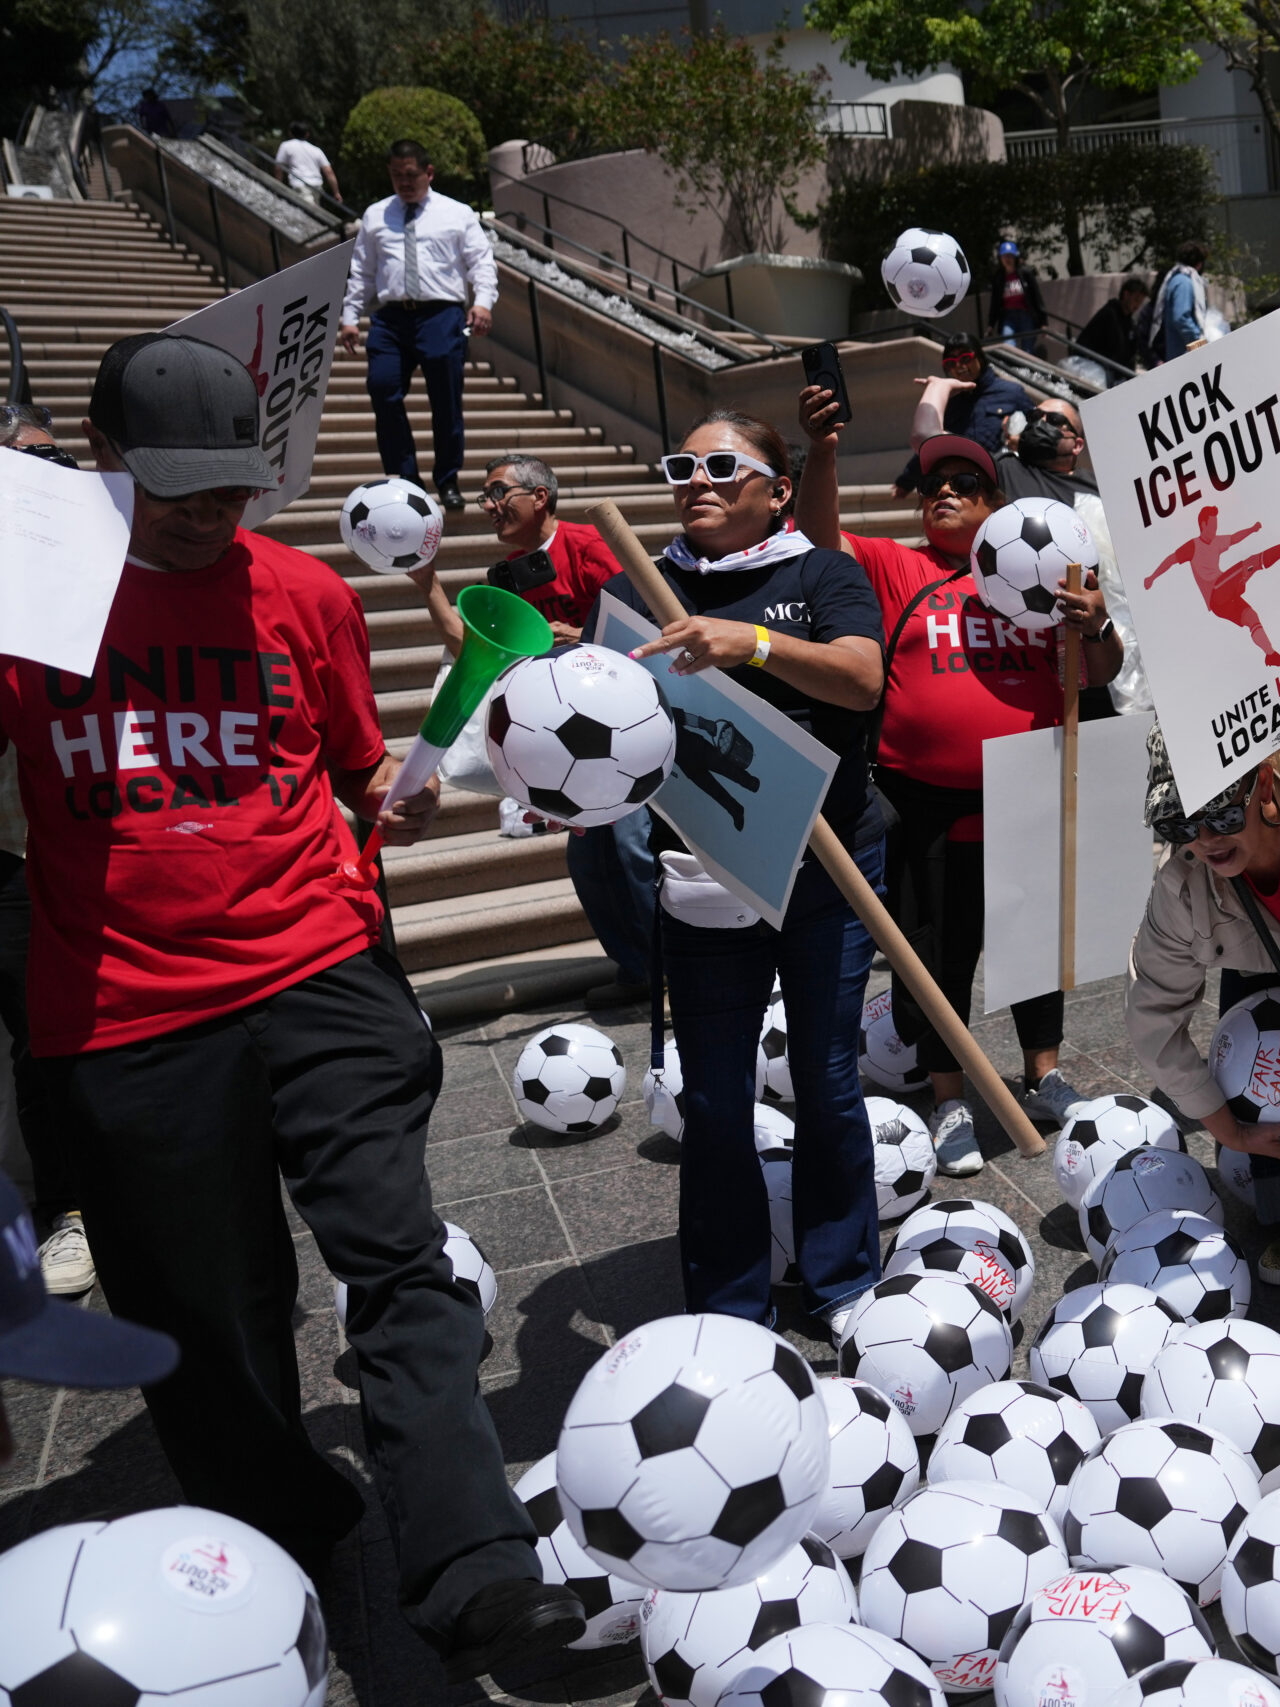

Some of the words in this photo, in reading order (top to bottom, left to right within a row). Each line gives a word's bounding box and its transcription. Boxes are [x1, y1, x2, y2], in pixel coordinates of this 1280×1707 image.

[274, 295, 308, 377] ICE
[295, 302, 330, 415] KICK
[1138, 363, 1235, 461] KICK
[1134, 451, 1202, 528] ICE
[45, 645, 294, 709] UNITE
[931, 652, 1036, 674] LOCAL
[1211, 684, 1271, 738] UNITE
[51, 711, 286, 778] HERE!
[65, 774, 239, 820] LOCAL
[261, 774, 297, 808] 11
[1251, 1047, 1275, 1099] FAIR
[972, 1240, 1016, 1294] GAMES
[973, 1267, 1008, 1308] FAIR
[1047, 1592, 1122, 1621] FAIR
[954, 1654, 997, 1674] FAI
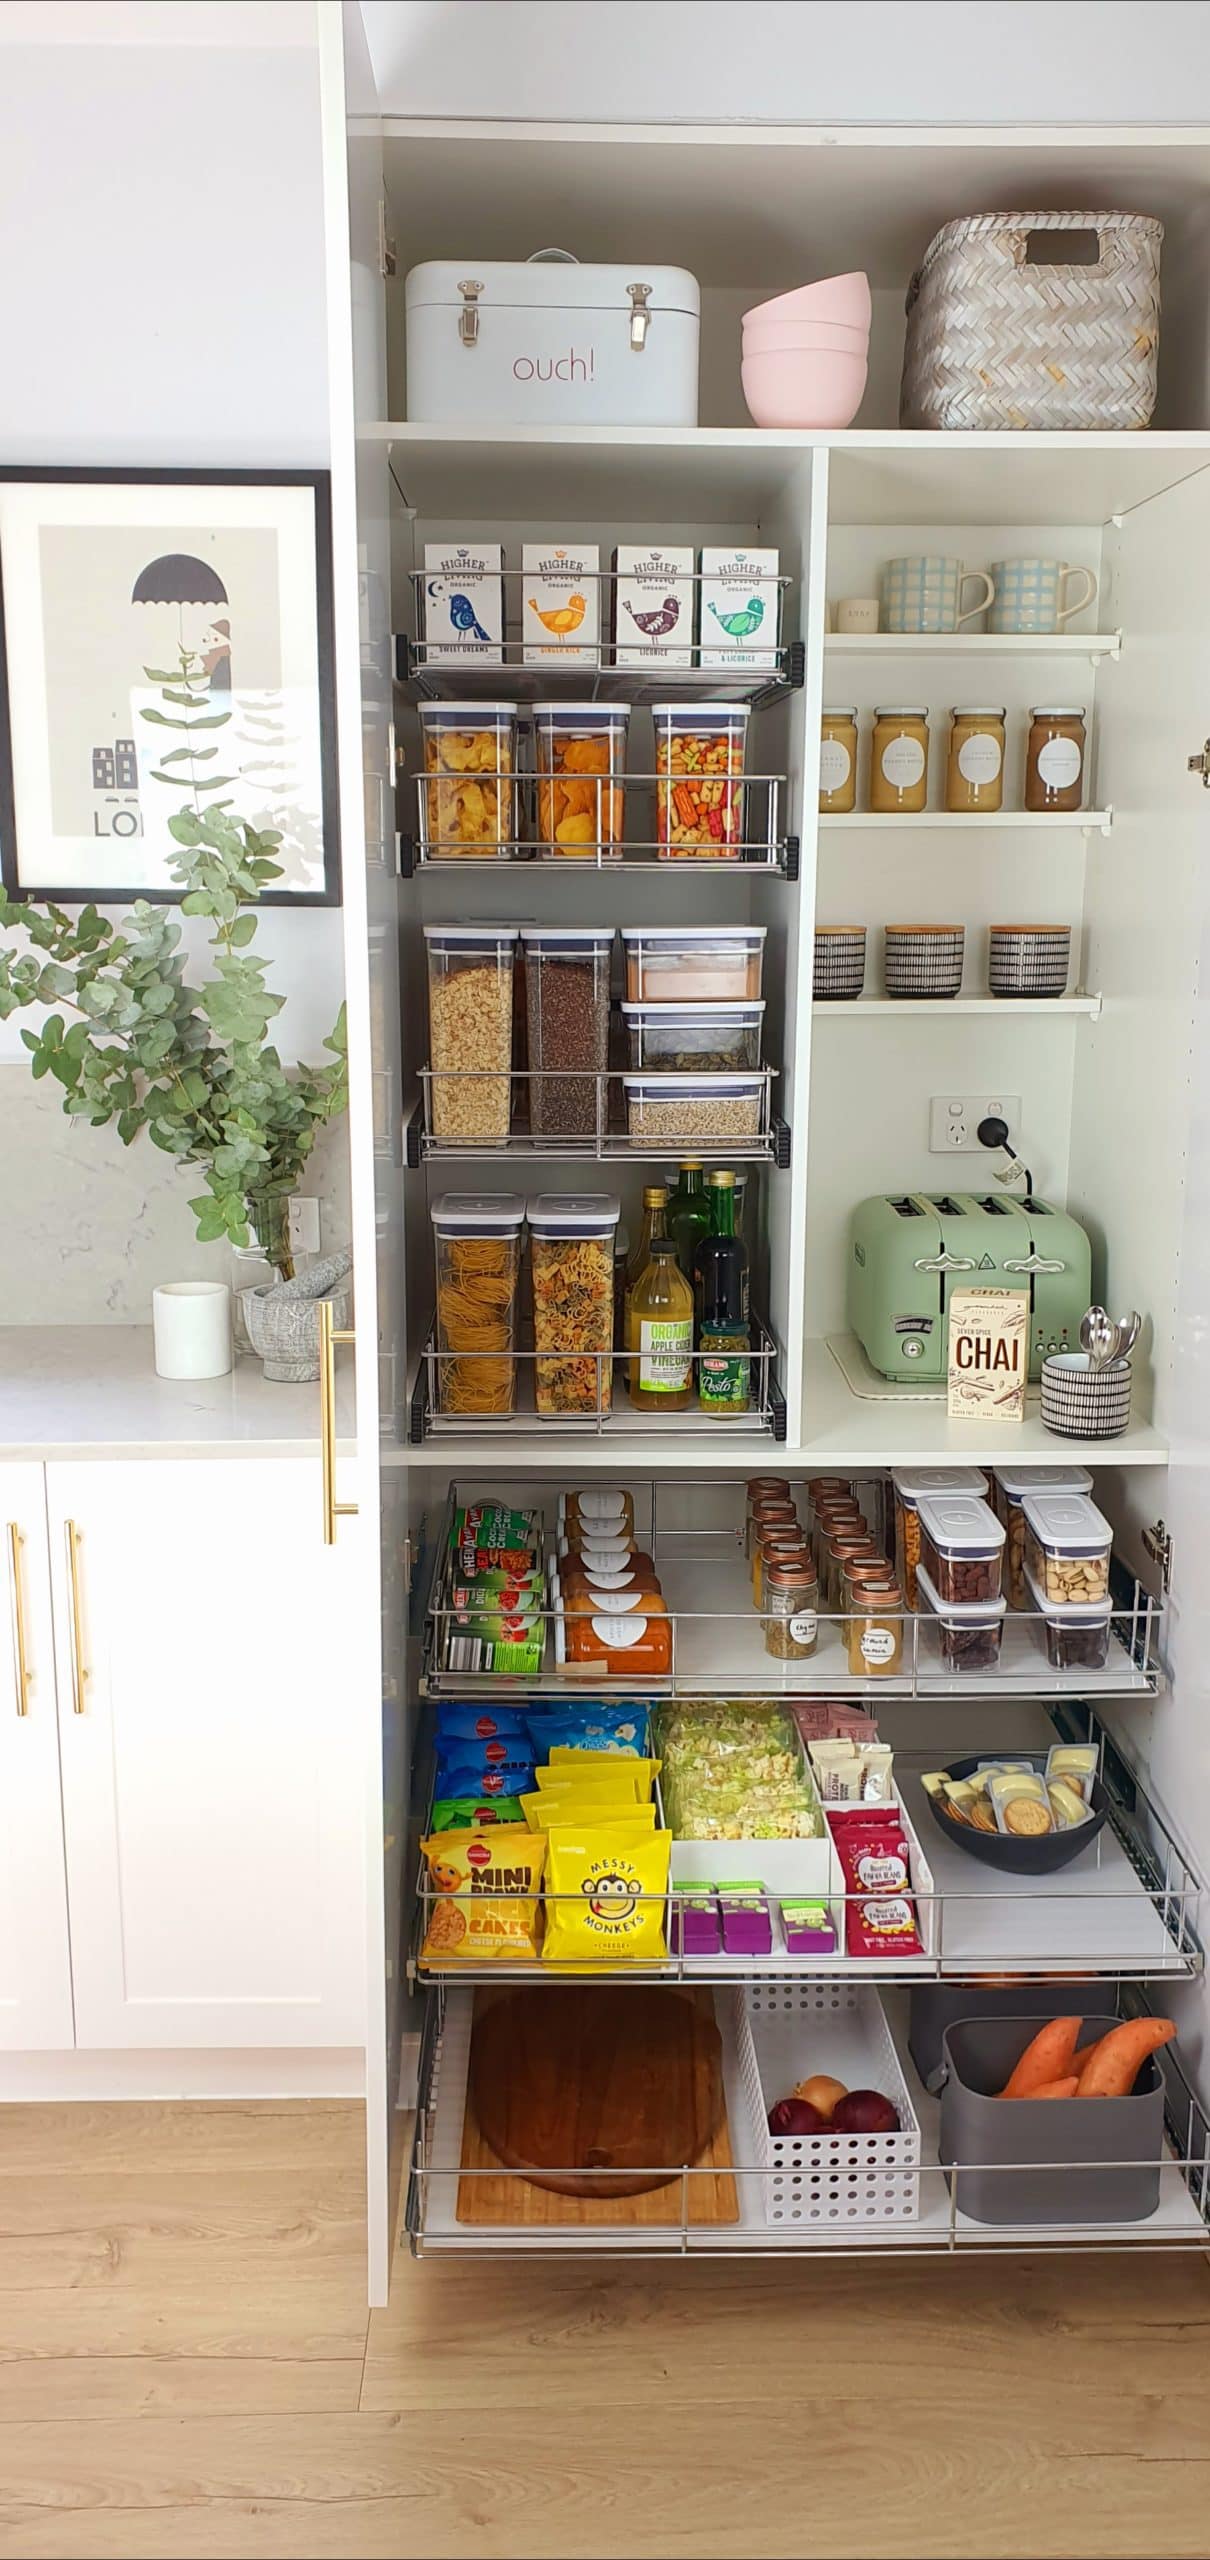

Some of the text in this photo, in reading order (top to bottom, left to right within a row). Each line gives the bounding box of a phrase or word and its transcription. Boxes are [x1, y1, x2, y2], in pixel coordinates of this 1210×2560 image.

◆ WHAT YOU NEED TO DO
Every line of the data should be copied as it stands, without the images.

◆ RESPONSE AREA
Some of the words in this photo, in reading order (top to bottom, left to right within a row). Each line gives a word's bounding box and its transcription. Boxes are [x1, y1, x2, y2], in pixel coordinates of this 1280×1707 image.

[274, 295, 308, 377] ICE
[295, 302, 330, 415] KICK
[1138, 363, 1235, 461] KICK
[1134, 451, 1202, 528] ICE
[45, 645, 294, 709] UNITE
[931, 652, 1036, 674] LOCAL
[1211, 684, 1271, 738] UNITE
[51, 711, 286, 778] HERE!
[65, 774, 239, 820] LOCAL
[261, 774, 297, 808] 11
[1251, 1047, 1275, 1099] FAIR
[972, 1240, 1016, 1294] GAMES
[973, 1267, 1008, 1308] FAIR
[1047, 1592, 1122, 1621] FAIR
[954, 1654, 997, 1674] FAI

Some of the text in this photo, in reading order (top to bottom, left to right within a row). Each line gives the bounding box of a phrase or word and its transcription. Boxes are [x1, y1, x2, y2], in pixel coordinates of this 1210×2560 image.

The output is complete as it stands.